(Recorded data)
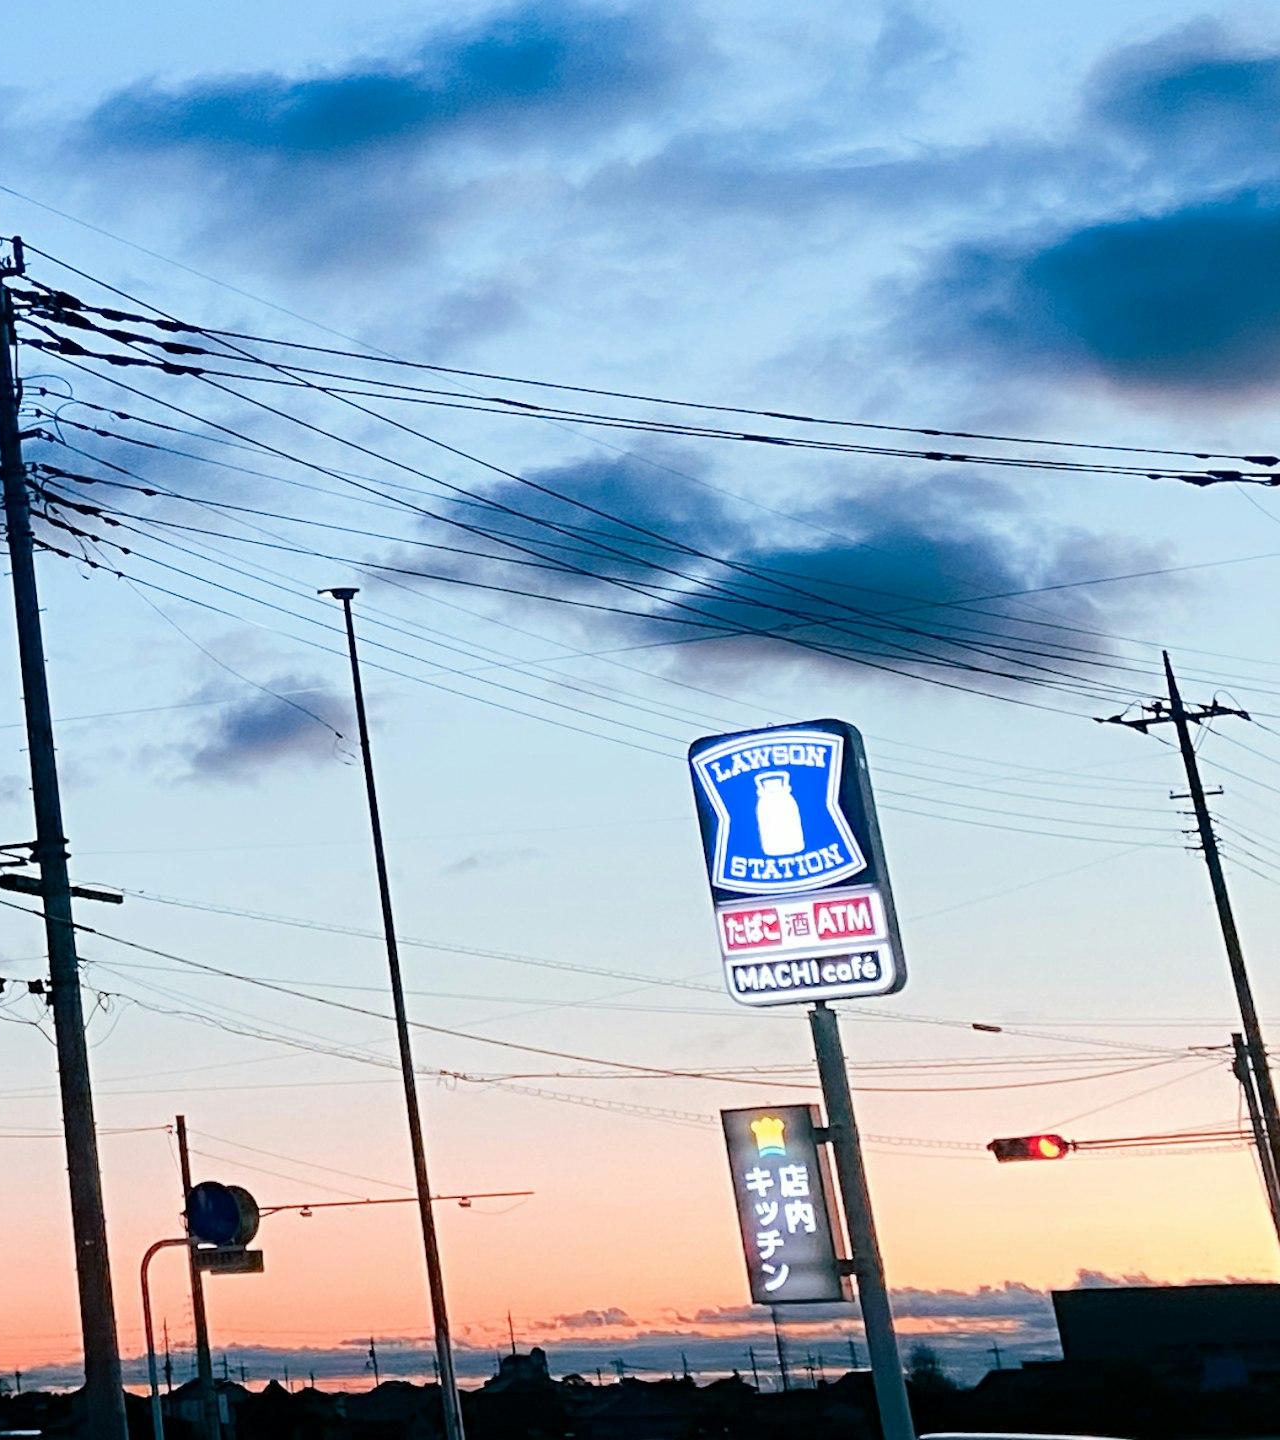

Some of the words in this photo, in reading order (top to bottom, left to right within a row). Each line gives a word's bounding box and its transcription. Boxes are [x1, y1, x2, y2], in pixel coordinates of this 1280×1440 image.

[711, 745, 827, 782] LAWSON
[730, 843, 844, 879] STATION
[726, 912, 781, 945] たばこ
[785, 912, 811, 937] 酒
[817, 903, 872, 935] ATM
[736, 959, 820, 992] MACHI
[821, 955, 877, 983] café
[779, 1164, 817, 1234] 店内
[745, 1166, 790, 1292] キッチン
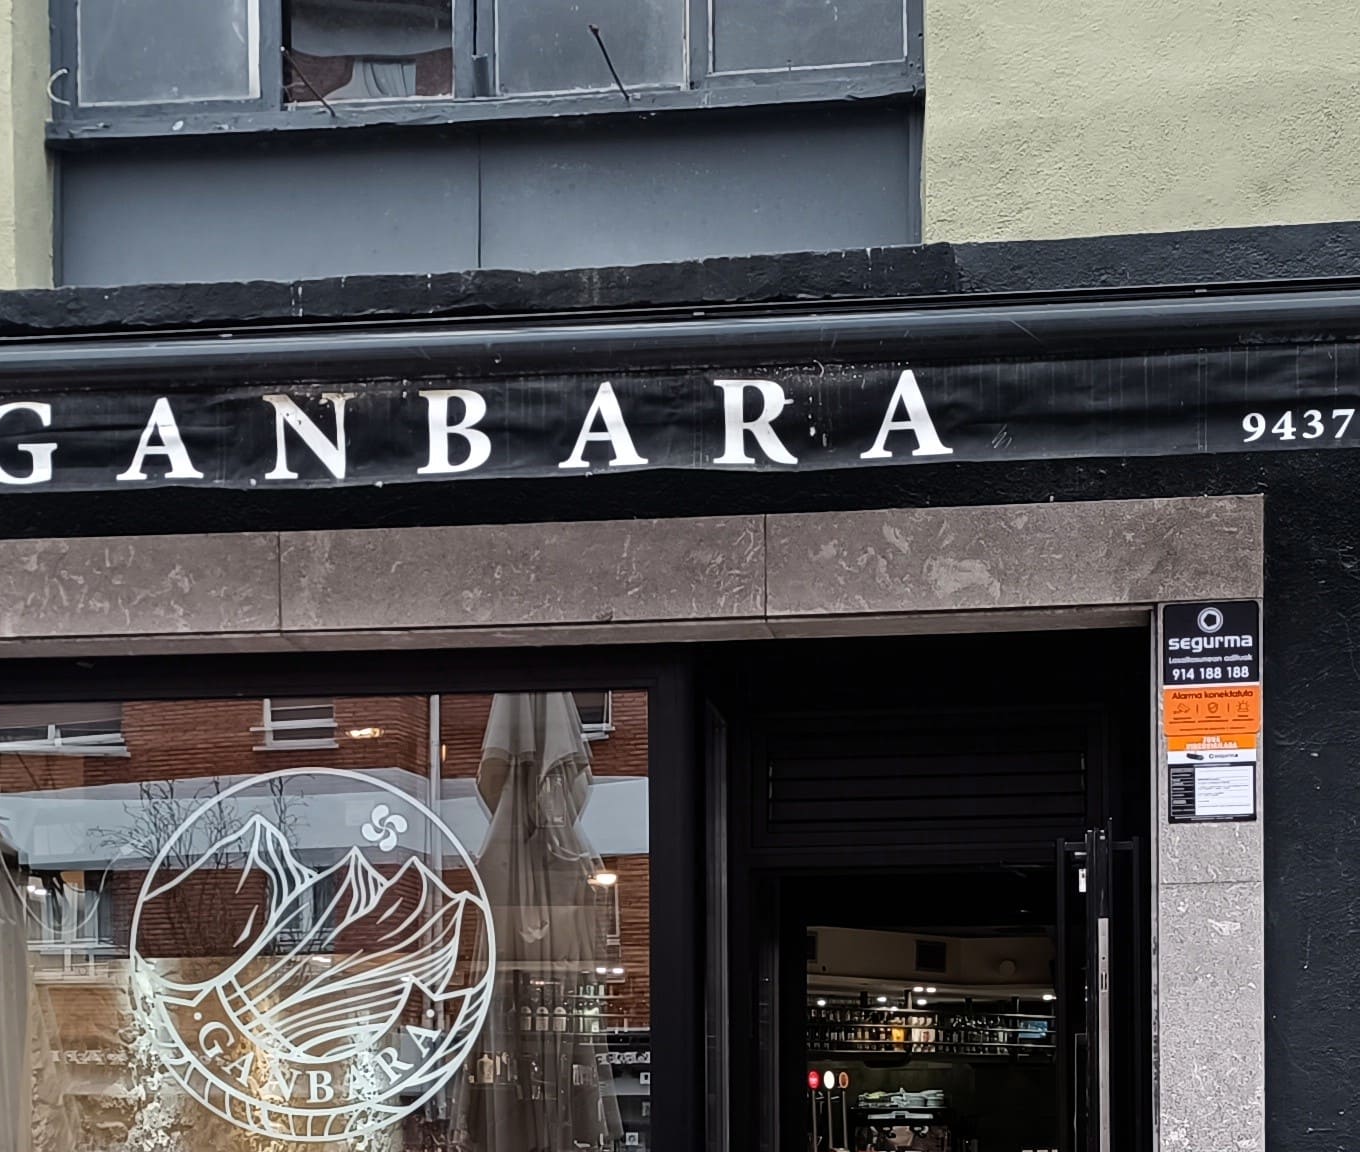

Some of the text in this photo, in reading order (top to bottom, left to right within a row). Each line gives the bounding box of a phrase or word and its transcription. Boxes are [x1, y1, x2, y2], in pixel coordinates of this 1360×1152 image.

[1168, 635, 1253, 653] segurma
[1172, 665, 1249, 680] 914 188 188
[198, 1021, 441, 1104] GANBARA

▶ _What you will do_
A faithful copy of every record is needed here. Leave the images out of it.

▶ _Expected answer_
Some of the words in this photo, in reading order (top to bottom, left to right within a row). Each line gives a word's bounding box and its transcription. Boxes are [x1, y1, x2, y2], in pixel coordinates of this 1280×1440 image.

[711, 745, 827, 782] LAWSON
[730, 843, 844, 879] STATION
[726, 912, 781, 945] たばこ
[785, 912, 811, 937] 酒
[817, 903, 872, 935] ATM
[736, 959, 820, 992] MACHI
[821, 955, 877, 983] café
[779, 1164, 817, 1234] 店内
[745, 1166, 790, 1292] キッチン

Some of the text in this photo, in reading order (top to bottom, left to right within a row). Each line gives the bounding box of a phrase or word and its transcription. Boxes are [x1, y1, x2, y2], in pixel coordinates of this 1360×1152 image.

[1168, 635, 1253, 653] segurma
[1172, 665, 1249, 680] 914 188 188
[198, 1021, 441, 1104] GANBARA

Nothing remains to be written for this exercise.